The New Day (Kofi Kingston/Big E) vs. Cesaro/Sheamus, WWE Roadblock End of the Line (12/18/2016)

This was for The New Day’s WWE Raw Tag Team Titles.

I don’t often praise a lot of 2015-2016 New Day matches on this blog because, save for a stunt show, they’re not usually that good. It’s a babyface act through and through and I always got the sense that they never quite knew how to put together interesting matches as heels. When one compares the amount of good to great matches that they had as villains to the amount they had from their late 2016 face turn onwards, I don’t think this is especially controversial either.

This match is something of a turning point.

Partially, that’s because it is mechanically and structurally the best match they’ve had, and it’s that by a hundred thousand miles.

It has far more in common with the years of better babyface New Day matches to follow than anything before it. The pacing is pristine, there’s absolutely no wasted motion, and above all, there is SUCH a confidence to it. They’re throwing out huge nearfalls in the middle, big spots really early on, and amid so many other formulaic WWE tag team matches, it’s exactly the sort of thing that has a way of feeling not only markedly different, but so much more important as a result. It’s a sort of match that by nature of its surefootedness and the lack of flaws throughout the thing only drawing further attention to that correct confidence, feels like that much more of an accomplishment.

The other part of the thing is that it is one of those occasional WWE main roster booking masterpieces.
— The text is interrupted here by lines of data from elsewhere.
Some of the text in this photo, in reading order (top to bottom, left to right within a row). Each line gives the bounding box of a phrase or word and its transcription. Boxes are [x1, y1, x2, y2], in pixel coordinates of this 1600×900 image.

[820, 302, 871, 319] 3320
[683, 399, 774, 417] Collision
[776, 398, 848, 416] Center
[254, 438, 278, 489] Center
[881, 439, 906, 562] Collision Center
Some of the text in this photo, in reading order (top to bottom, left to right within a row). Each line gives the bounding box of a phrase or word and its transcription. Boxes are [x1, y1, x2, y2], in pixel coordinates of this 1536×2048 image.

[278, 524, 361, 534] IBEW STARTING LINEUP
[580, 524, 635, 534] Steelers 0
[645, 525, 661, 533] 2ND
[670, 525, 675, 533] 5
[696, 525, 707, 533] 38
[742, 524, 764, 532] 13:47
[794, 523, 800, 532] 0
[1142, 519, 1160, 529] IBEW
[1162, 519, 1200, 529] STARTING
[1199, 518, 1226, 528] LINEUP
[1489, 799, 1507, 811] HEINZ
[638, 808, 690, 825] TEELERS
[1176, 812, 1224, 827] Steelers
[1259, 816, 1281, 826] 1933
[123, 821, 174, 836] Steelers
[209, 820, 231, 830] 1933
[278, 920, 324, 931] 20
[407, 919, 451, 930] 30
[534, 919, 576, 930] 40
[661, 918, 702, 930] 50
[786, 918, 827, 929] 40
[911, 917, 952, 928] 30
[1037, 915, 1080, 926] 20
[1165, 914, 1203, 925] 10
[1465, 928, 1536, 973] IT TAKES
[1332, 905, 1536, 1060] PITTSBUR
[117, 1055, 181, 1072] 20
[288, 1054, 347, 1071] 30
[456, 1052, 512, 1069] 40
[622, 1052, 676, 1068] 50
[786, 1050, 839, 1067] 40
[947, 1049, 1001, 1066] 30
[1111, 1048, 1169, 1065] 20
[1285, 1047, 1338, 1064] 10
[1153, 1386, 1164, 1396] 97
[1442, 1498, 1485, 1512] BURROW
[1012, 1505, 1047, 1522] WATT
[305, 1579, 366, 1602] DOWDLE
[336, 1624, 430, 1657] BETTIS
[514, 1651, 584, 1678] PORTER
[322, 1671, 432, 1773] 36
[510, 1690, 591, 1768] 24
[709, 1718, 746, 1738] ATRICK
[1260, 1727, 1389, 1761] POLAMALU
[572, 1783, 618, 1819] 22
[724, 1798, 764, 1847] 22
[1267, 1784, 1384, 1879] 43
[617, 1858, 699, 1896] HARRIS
Of course, we are all smart enough to not pretend as though any of this is some grand design going back a year and change, or even going back a month and change. It is likely more the result of people in the match or in smaller roles somewhere than any one unifying vision.

However, it still rocks.

Constantly in this match, there is a story told is about New Day leaning on their speed advantage and the teamwork (which allowed them to not only get past everyone for the last sixteen months, but also past Cesaro and Sheamus in their previous challenges), but also on the third man outside in Xavier Woods. This is also about Cesaro, and to a lesser extent Sheamus, having finally figured the system out. In a year where one of real sports’ most crushing and impactful results came as a result of a generational talent figuring out an incredibly fun motion system, there’s something that feels even more real about this when Cesaro and Sheamus repeatedly either survive or cut it off here.
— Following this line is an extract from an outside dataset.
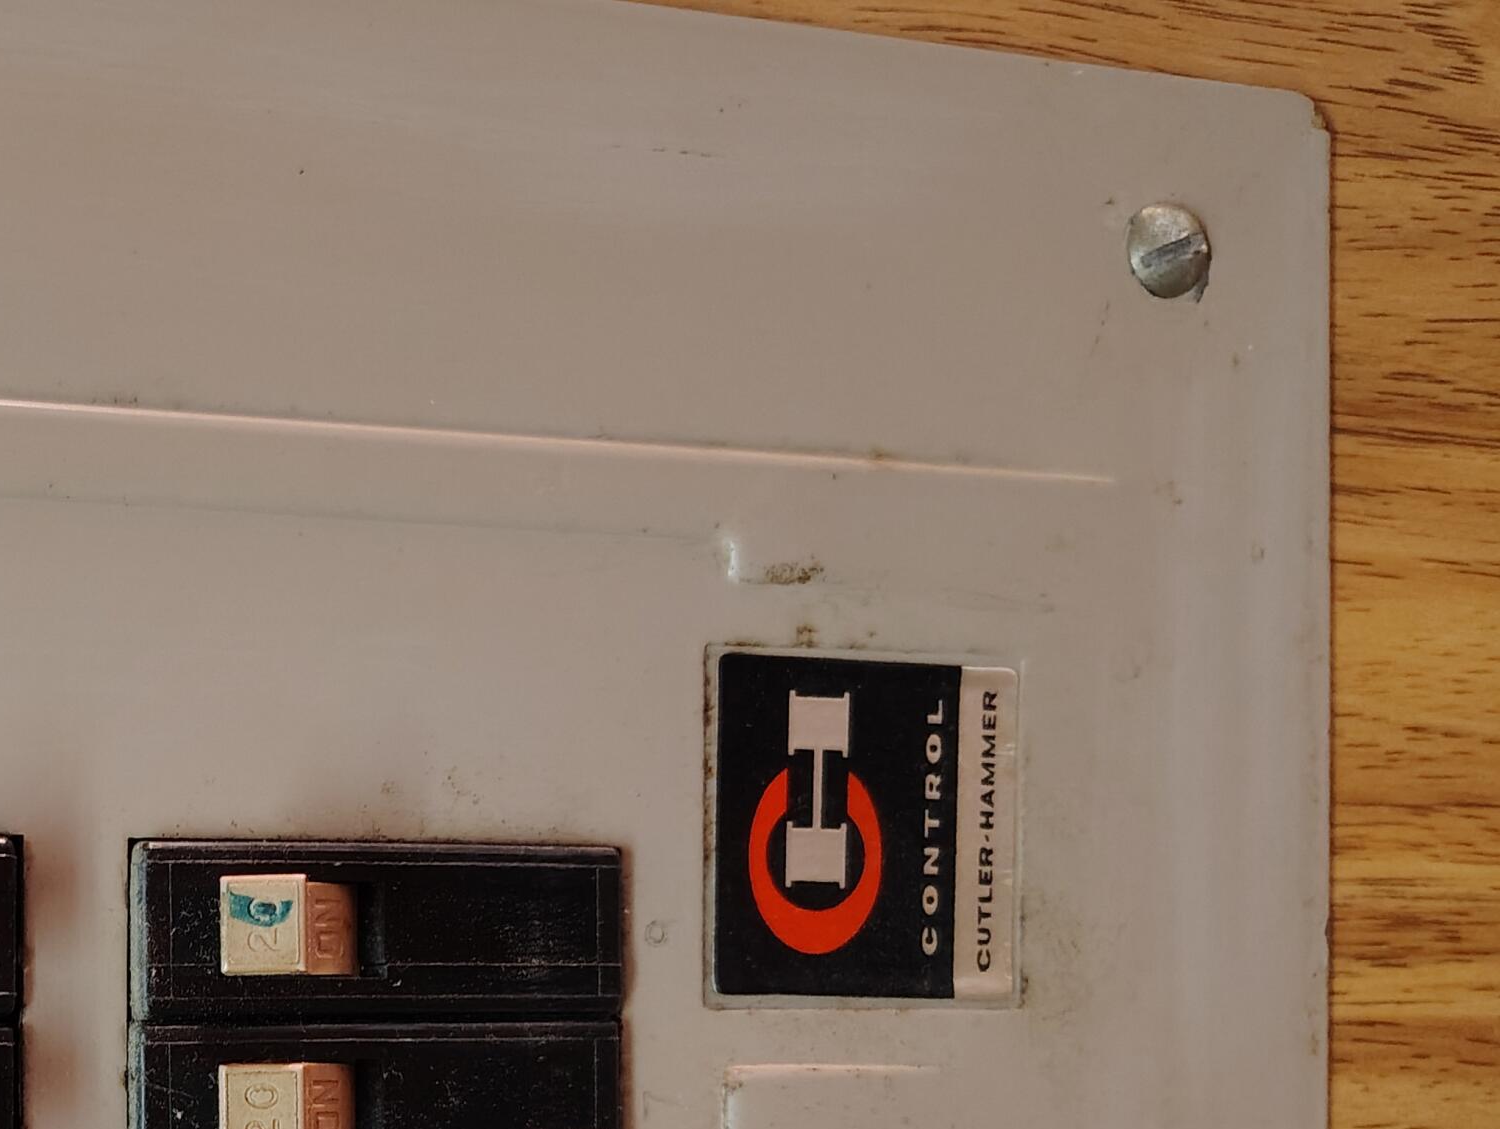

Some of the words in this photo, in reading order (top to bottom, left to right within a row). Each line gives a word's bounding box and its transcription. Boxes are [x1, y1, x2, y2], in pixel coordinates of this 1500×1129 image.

[315, 899, 344, 960] ON
[921, 699, 945, 956] CONTROL
[977, 690, 997, 972] CUTLER-HAMMER
The ending is especially masterful, and the real stroke of genius here. After a real hot back and forth nearfall run, Cesaro fakes on tagging in, only to come in anyways. Kofi catches him, only for still-legal-man Sheamus to dive over the cover and pull Kofi Kingston into a cradle for the win. It’s the perfect finish, not only turning a New Day trick against them, but allowing Cesaro this year and a half plus overdue payoff to the way The New Day first won the titles, a fake tag twin switch over the Cesaro and Tyson Kidd team, way back when. A charming piece of revenge, and in a rarity for the WWE, recently turned babyfaces having to pay the consequences for the shit that they pulled back on the other side of the aisle.

As with any great and smart long-term payoff in the WWE, it is never really mentioned at all and you have to chalk it up to the talents involved for putting something this cool and rewarding together. Likewise, as with any of that, that doesn’t mean it isn’t still also a really cool and rewarding thing that got put together, on top of an enormously fun match to boot.

***1/2

The New Day vs. Roman Reigns/The Usos, WWE Raw (9/20/2021)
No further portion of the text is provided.